The Federal Government has requested an 18-month extension on the closing date of the World Bank's $800m palliative loan to boost its social safety net programmes.
The request is coming in the wake of the country's battle against rising inflation and economic challenges.
According to a restructuring paper document on the project from the World Bank, the government requested an extension of the closing date of the project from June 30, 2024, to December 31, 2025.
The report said about three million poor and vulnerable households have benefitted from the $800m palliative loan.
The apex bank had disbursed the loan to cushion the effect of recent government's policies, such as fuel subsidy removal.
Of these beneficiaries, 700 thousand households were from rural areas and about 2.5 million households from urban areas.

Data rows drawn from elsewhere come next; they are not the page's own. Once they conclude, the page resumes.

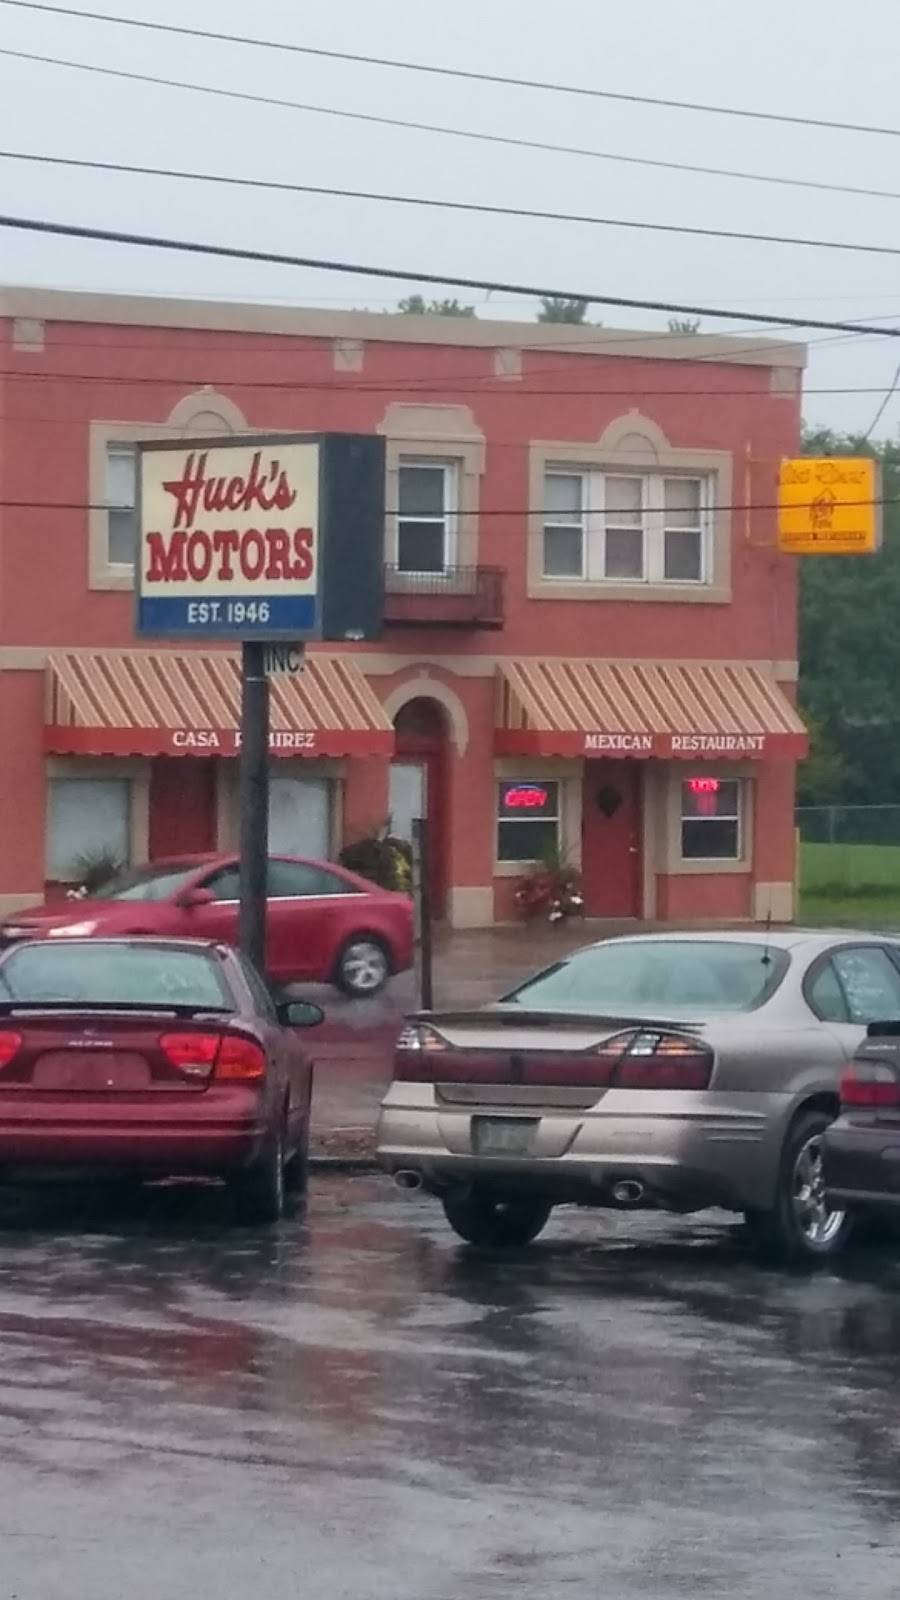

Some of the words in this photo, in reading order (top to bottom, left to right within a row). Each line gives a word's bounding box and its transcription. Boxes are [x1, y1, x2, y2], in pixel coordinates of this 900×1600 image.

[162, 451, 297, 528] Huck's
[146, 527, 314, 582] MOTORS
[187, 602, 223, 623] EST.
[227, 602, 271, 622] 1946
[265, 645, 305, 673] INC.
[172, 731, 220, 747] CASA
[584, 734, 653, 750] MEXICAN
[671, 735, 766, 751] RESTAURANT

The extension seeks to realign project timelines and enhance the efficacy of the National Social Safety Net Programme-Scale Up, adding that 1,652 urban wards had been covered through the targeting system developed under the project.
The document read: "Since its start, about 30 million beneficiaries have been covered by social safety net programs, and about three million poor and vulnerable households have received shock responsive cash transfers as of May 2024.

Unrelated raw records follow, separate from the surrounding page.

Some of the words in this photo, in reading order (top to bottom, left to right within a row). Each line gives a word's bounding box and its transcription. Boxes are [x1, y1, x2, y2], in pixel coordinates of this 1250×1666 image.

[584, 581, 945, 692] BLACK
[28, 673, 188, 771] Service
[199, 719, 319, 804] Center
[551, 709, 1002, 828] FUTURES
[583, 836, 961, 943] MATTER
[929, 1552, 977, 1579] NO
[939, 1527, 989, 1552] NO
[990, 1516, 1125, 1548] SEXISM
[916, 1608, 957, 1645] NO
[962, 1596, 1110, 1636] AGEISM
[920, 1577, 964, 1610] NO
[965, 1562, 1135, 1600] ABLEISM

"Of these beneficiaries, 700 thousand households were from rural areas and about 2.5 million households were from urban areas. 1,652 urban wards have been covered through the targeting system developed under the project."
It added that a planned digital payment delivery mechanism had been put in place, using straight-through processing to deliver transfers directly to beneficiaries' accounts or wallets while the national social register is being integrated with the National Identification Number, NIN, to further strengthen the targeting system.
The NASSP-SU project, initiated to provide shock-responsive safety net support to Nigeria's poor and vulnerable, was approved on December 16, 2021, and became effective on January 30, 2023.
With this loan, the Federal Government plans to run a monthly cash transfer programme for poor and vulnerable Nigerians, who have been hit hard by recent policies, such as the fuel subsidy removal.
But it was abruptly stopped following a probe of alleged malfeasance in the management of the scheme by the Ministry of Humanitarian Affairs and Poverty Alleviation.
As part of restructuring to restart the cash transfer, the government has sought approval to change the chairmanship of the project's national steering committee from the Minister of Humanitarian Affairs and Poverty Alleviation to the Minister of Finance.
It also stressed that the extension request stems from Nigeria's ongoing battle with high inflation, which peaked at 33.2 per cent in early 2024, exacerbated by the removal of fuel subsidies and exchange rate depreciation.
The document partly read, "This paper seeks approval from the Country Director for a Level II restructuring of the National Social Safety Net Program Scale-Up project, an $800m investment project financing.
"The restructuring will extend the project closing date by 18 months from June 30, 2024, to December 31, 2025. The benefit size and duration of the cash transfers under component 1 will also be changed.
"Despite earlier delays, the project remains central to the government's ambitious plan to provide temporary cash transfer support to the population affected adversely by high inflation, particularly in the wake of the fuel subsidy removal and other macroeconomic reforms the government is undertaking.
"No financial or audit reports are pending, and there are no changes in the audit requirements. There have been some delays in procuring key service providers, and contract management practices are being improved by building the capacity of the PIU's procurement team."